A friend asked me that yesterday. Sure we were talking about running, and stamina, but I felt the question spoke to me on a whole other level too.

What happened to that fighting spirit of yours dice?

I think for a couple weeks now I've been just moping around, glum, disappointed with much, upset, lonely, just --------. I feel like my heart's been really tired of being faithful, of continually believing for breakthroughs but watching none come to pass. Is it me? What's wrong with me now? It seems that with every time I am forced to face my shortcomings, I retract and just.. mope. What happened dice?


This image has been really speaking to me. I never want to be hard, but it seems like that's all I've been recently. Hard. Bitter.
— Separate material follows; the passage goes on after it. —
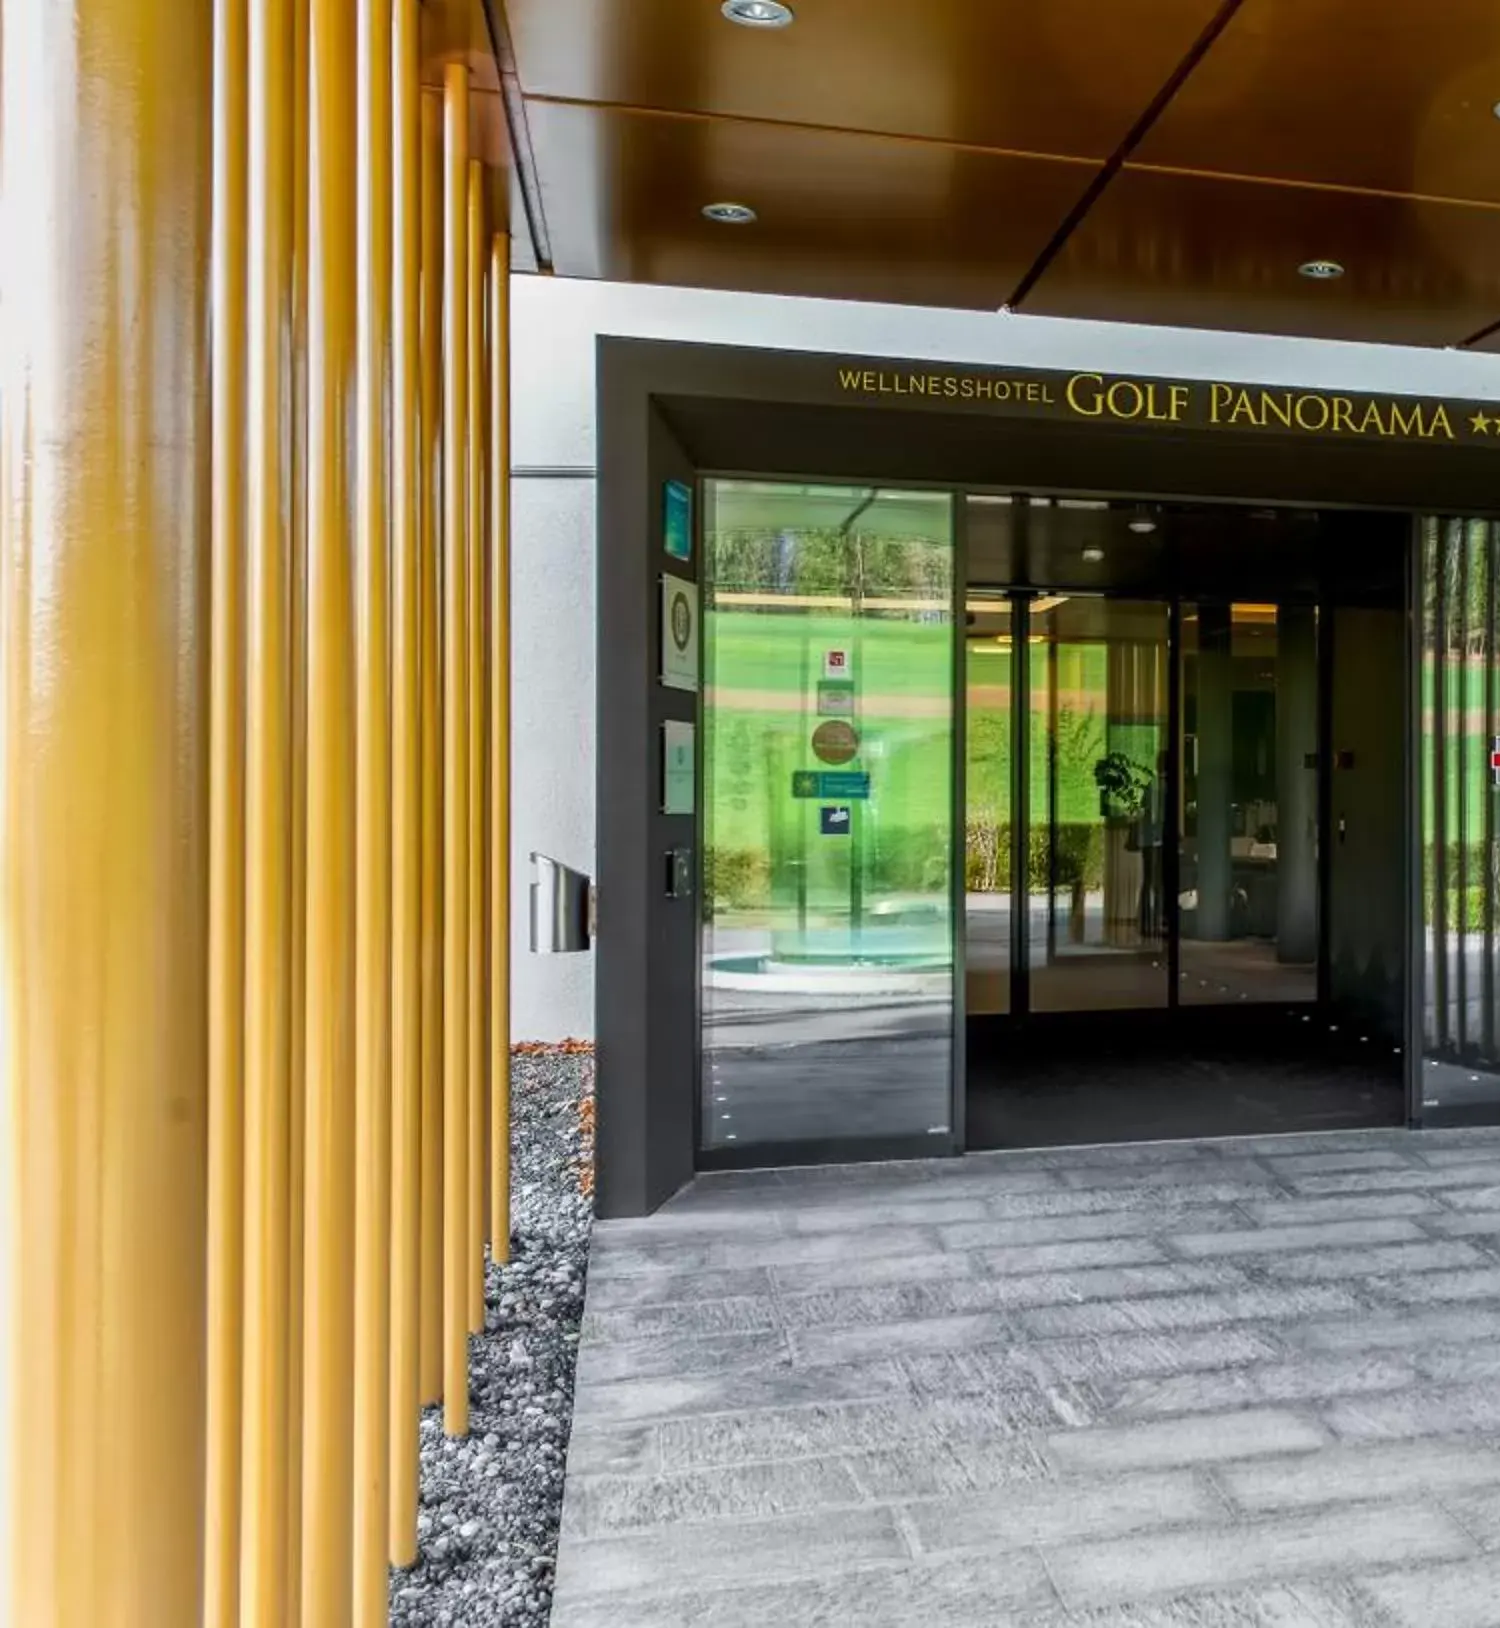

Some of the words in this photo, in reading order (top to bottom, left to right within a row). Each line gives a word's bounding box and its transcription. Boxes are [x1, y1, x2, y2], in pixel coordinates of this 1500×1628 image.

Numb. This period of waiting, of unanswered prayers has just been too tough on me, forcing me to wonder if being faithful isn't the right thing to do now.

But then I remember that one answered prayer. Earlier this year, I've had encounters with God that were supernatural but I just didn't understand the why bit. Like the uncontrollable shaking, at Planetshakers Conference mid this year. And I prayed and prayed for a word to be spoken over my life, for God to help me make sense of it all. I only got my answer, or realized I got more than what I expected months later. Turns out, this year, I've had more prophetic words spoken over my life than ever before. God is good.

Not only that, my sister finished her thesis with an awesome big bang, a miracle of a project. I have friends who got jobs this year, who made it through tough times, who had miracles happen in their lives. Please Candice, let this remind you that God is still working. And the God that handcrafted those miracles are setting yours in motion. Don't give up now.

I think, that at the same time, God's testing the extent of my faith. Is my faith simply a bargaining tool for miracles? Or am I faithful because I love Him? Therefore I choose now, to keep being faithful, in pain, in trials, in desperation. Because I love my Daddy, and because I can't go on without His strength rooting me on.

I know though, the cause of my eeyurghness lately. It's from my lack of alone time with God. I've been through this time and time enough to know that I have withdrawal symptoms from Him. C'mon girl, get your life in order again!

So no, I can't let that fighting spirit die. Not even if I have to fight like hell to keep that fighting spirit alive.

I cannot let myself be defined by the voices of those around me. I cannot afford to.
My only identity should come from the voice of God, telling me I am precious, I am fearfully and wonderfully made, I am loved.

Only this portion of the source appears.